Give back every line of the material exactly. Skip the pictures.
· · ·
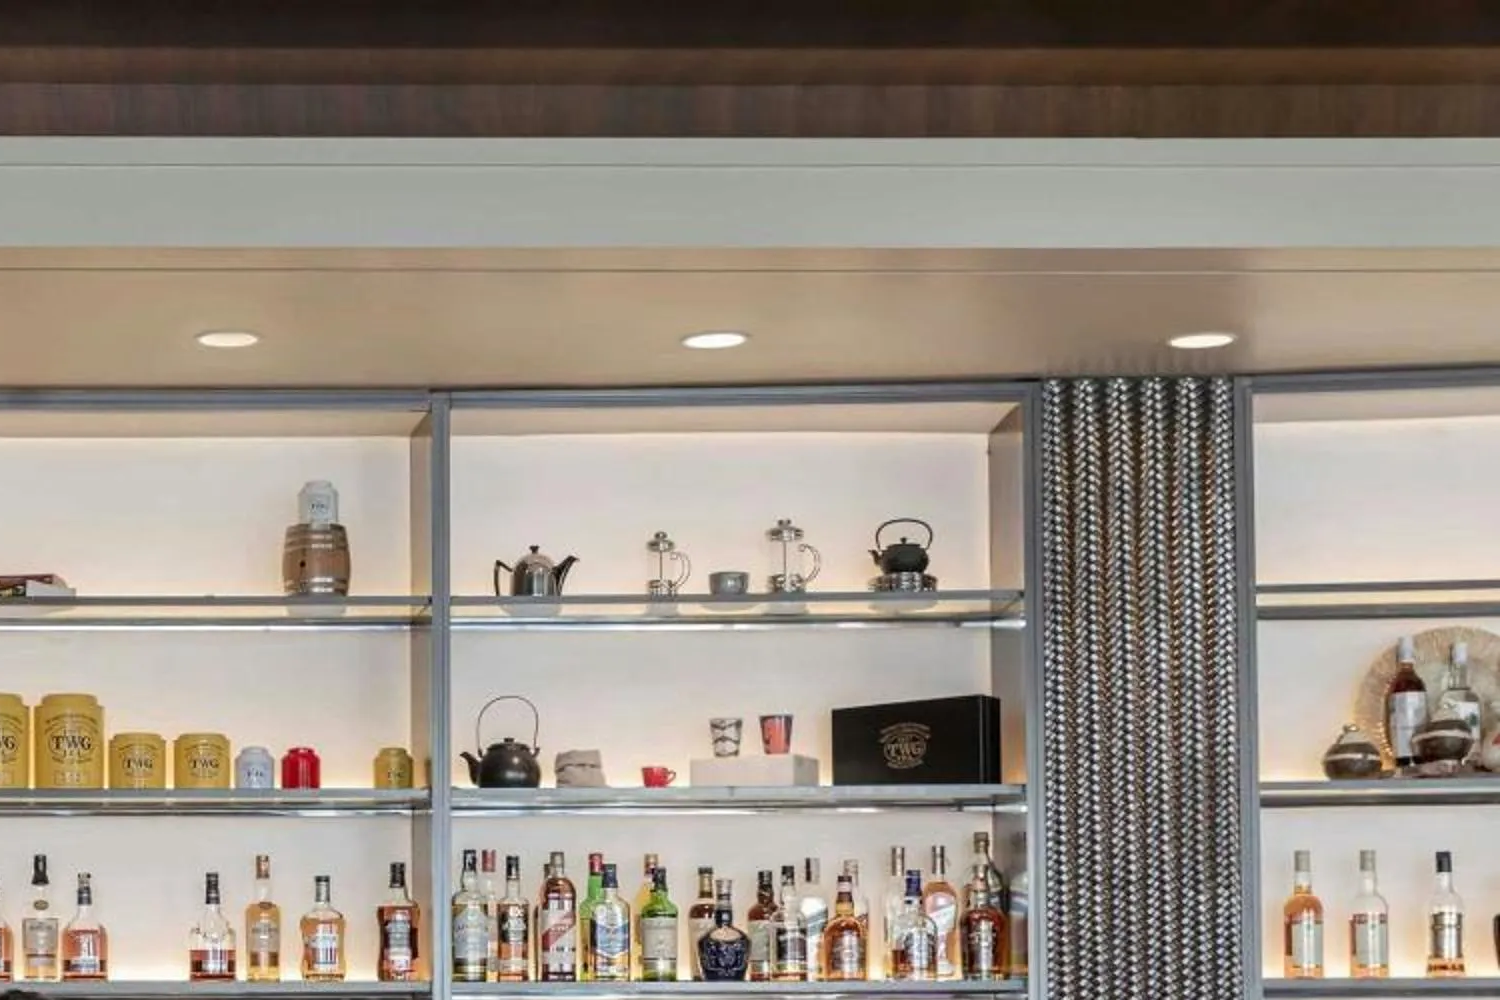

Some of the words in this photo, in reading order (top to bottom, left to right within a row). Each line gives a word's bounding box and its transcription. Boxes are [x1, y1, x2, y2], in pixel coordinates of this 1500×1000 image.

[52, 736, 92, 750] TWG
[887, 742, 924, 757] TWG
[125, 758, 154, 770] TWG
[191, 758, 220, 770] TWG
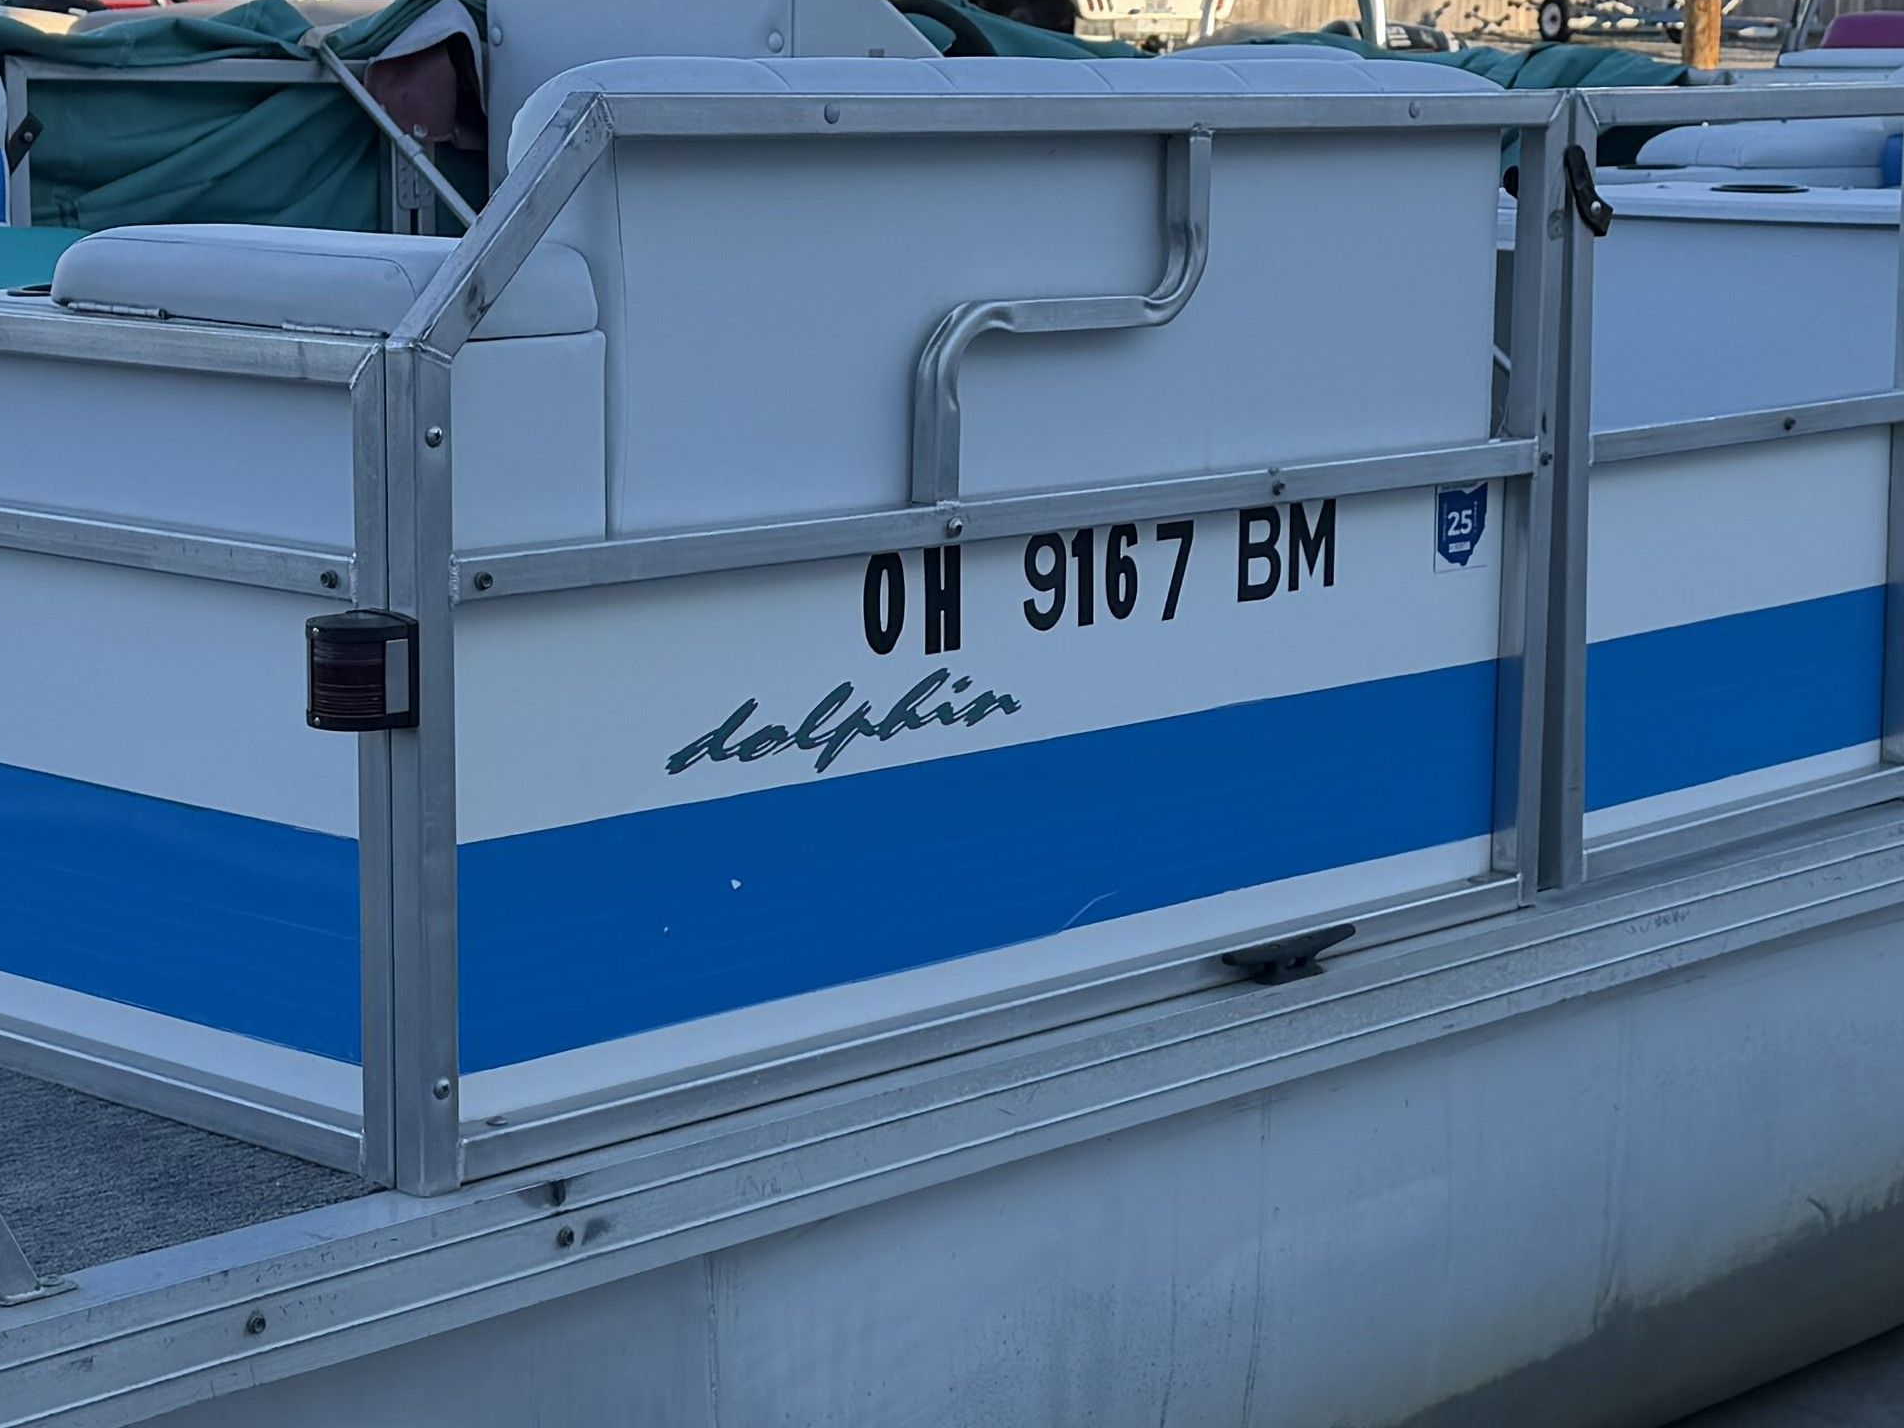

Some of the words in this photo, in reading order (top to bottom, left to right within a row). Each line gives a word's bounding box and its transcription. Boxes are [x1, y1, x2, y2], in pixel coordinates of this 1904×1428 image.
· · ·
◆ Answer for this exercise:
Some of the words in this photo, in reading order (top to bottom, left to right within a row). Each line gives a word's bounding box and its transcription. Boxes are [x1, y1, x2, y2], in pixel coordinates of this 1500×1000 image.

[52, 736, 92, 750] TWG
[887, 742, 924, 757] TWG
[125, 758, 154, 770] TWG
[191, 758, 220, 770] TWG

Some of the words in this photo, in reading order (top to bottom, left to right within a row). Each line gives a word's bounding box and its transcription. Boxes are [x1, y1, x2, y2], in pixel coordinates of this 1904×1428 image.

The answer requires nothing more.